▶ [Required work]: Please repeat each line from the one holding "Some of the text" through the final line of the data, exactly as it stands, with no pictures.
Given data Block Start
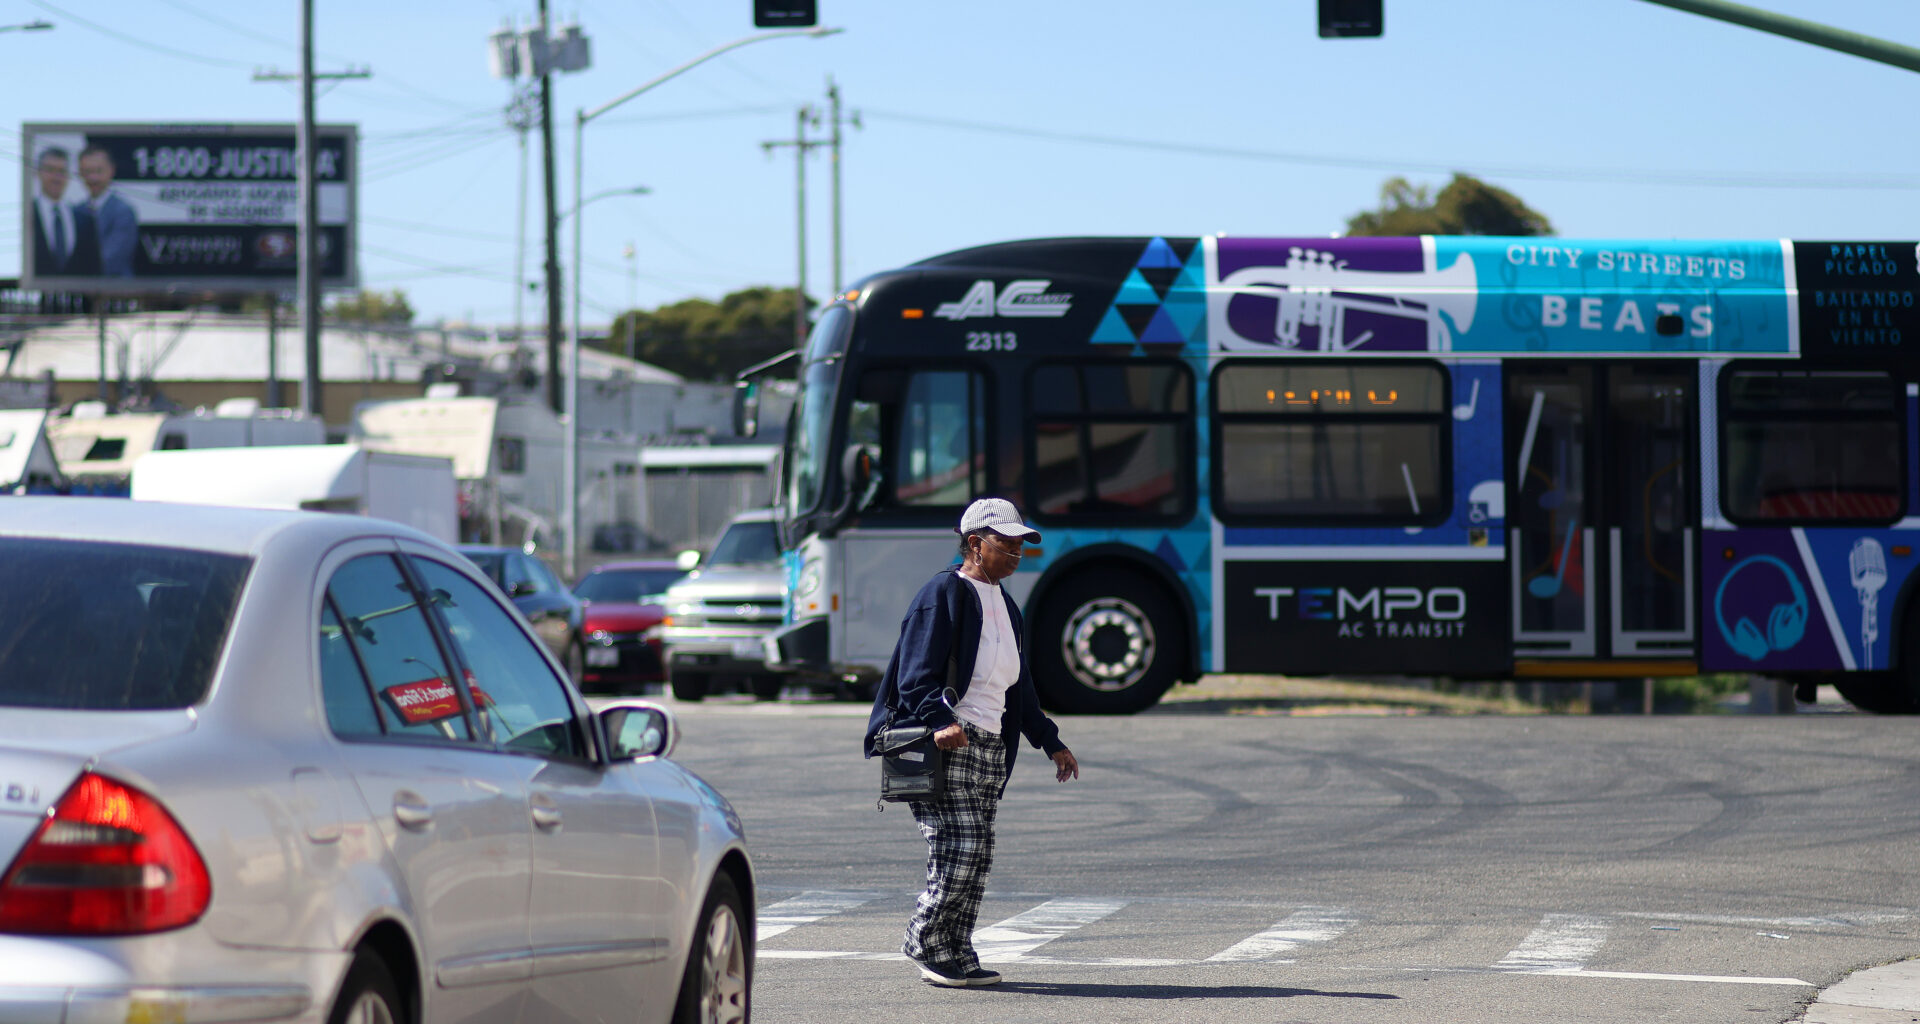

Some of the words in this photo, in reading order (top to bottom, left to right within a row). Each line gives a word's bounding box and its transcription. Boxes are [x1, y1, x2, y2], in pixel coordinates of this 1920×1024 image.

[1830, 244, 1889, 260] PAPEL
[1506, 245, 1583, 269] CITY
[1597, 250, 1746, 280] STREETS
[1824, 259, 1898, 276] PICADO
[1815, 290, 1914, 308] BAILANDO
[1838, 309, 1862, 327] EN
[1873, 309, 1893, 327] EL
[966, 332, 1018, 351] 2313
[1831, 328, 1902, 346] VIENTO
[1254, 588, 1466, 620] TEMPO
[1338, 622, 1365, 638] AC
[1375, 622, 1466, 638] TRANSIT
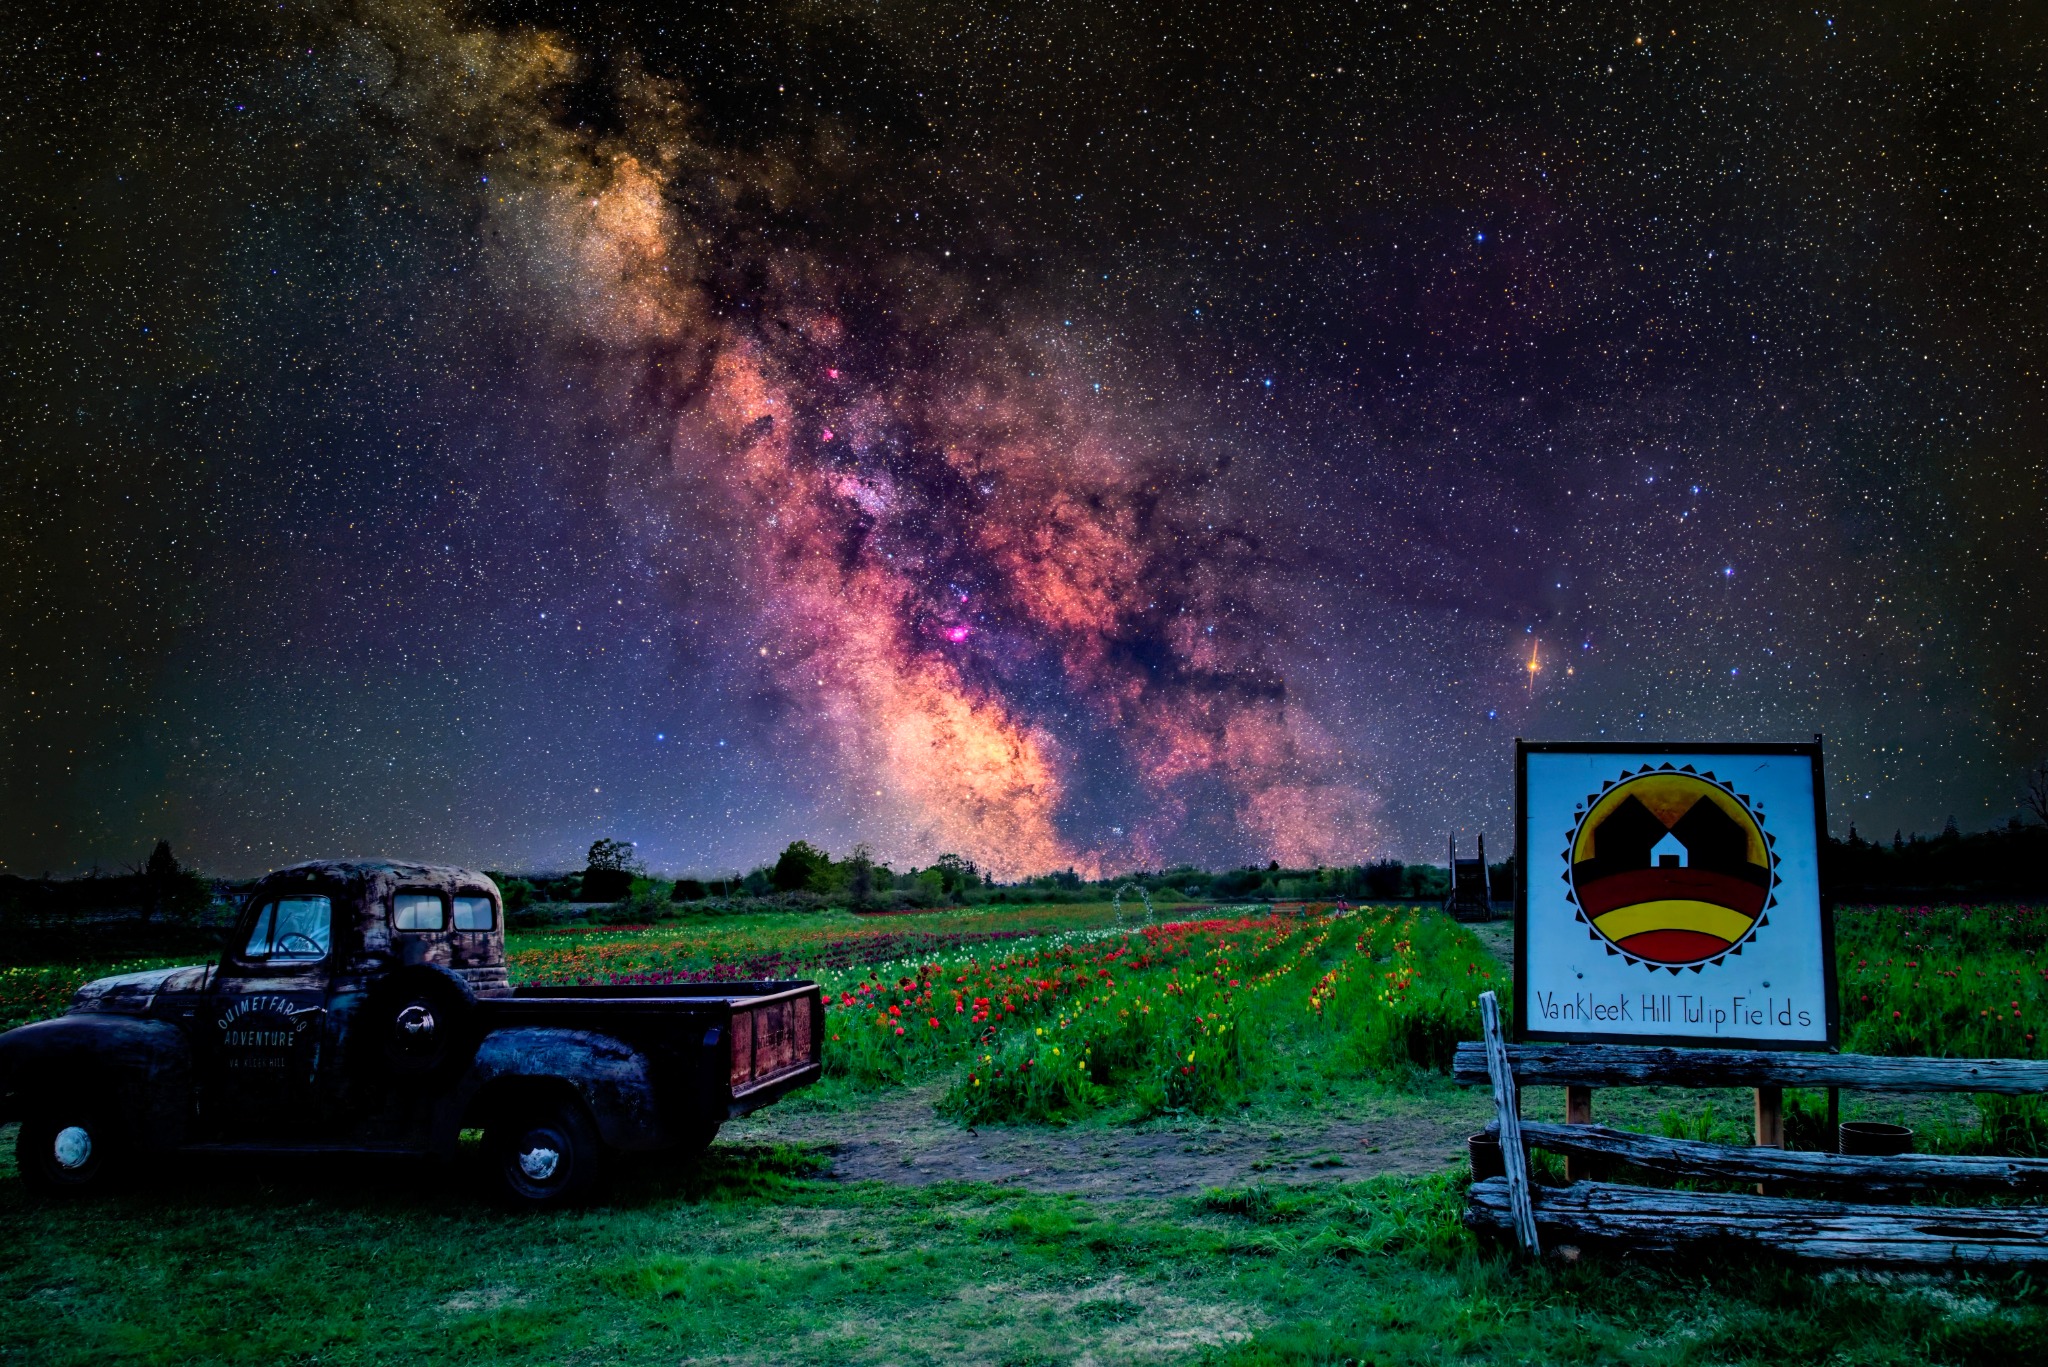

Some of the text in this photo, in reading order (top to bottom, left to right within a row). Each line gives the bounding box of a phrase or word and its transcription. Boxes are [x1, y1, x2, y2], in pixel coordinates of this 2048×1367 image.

[217, 996, 267, 1030] OUIMET
[1642, 994, 1671, 1023] Hill
[1677, 995, 1726, 1034] Tulip
[1733, 996, 1812, 1027] Fields
[224, 1031, 295, 1047] ADVENTURE
[270, 1057, 285, 1068] HILL
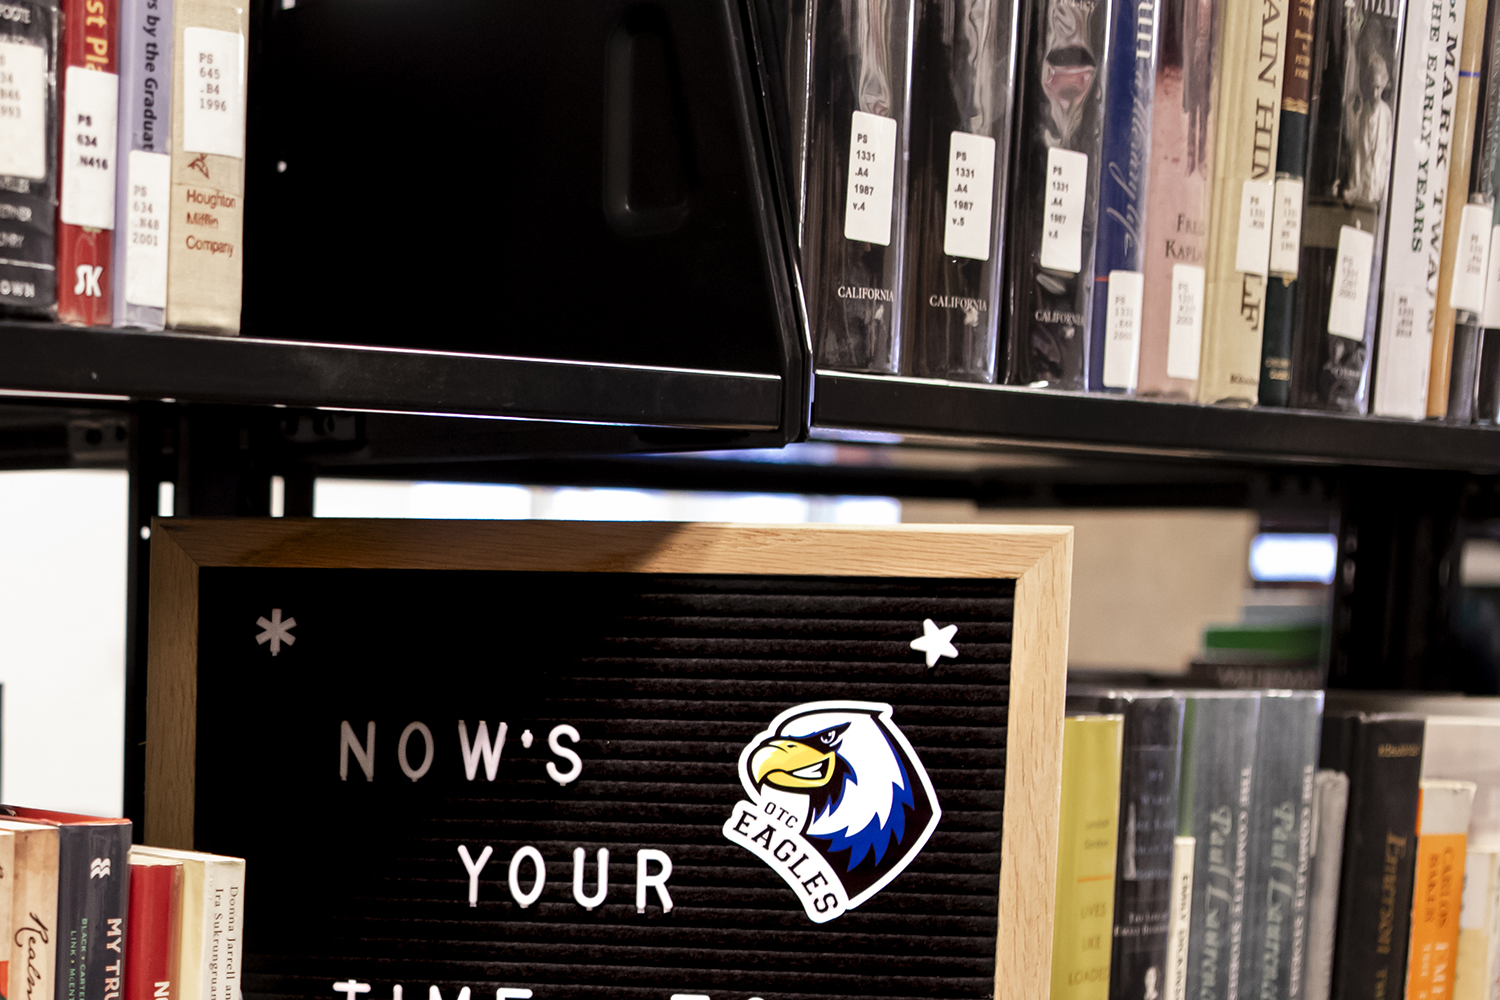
Given data Block End
▶ [Response area]:
Some of the text in this photo, in reading order (top to bottom, left to right within a row). Each line gives the bounding box of a phrase or word and its transcription. Boxes are [x1, y1, x2, y2], in pixel coordinates of this 2048×1367 image.

[217, 996, 267, 1030] OUIMET
[1642, 994, 1671, 1023] Hill
[1677, 995, 1726, 1034] Tulip
[1733, 996, 1812, 1027] Fields
[224, 1031, 295, 1047] ADVENTURE
[270, 1057, 285, 1068] HILL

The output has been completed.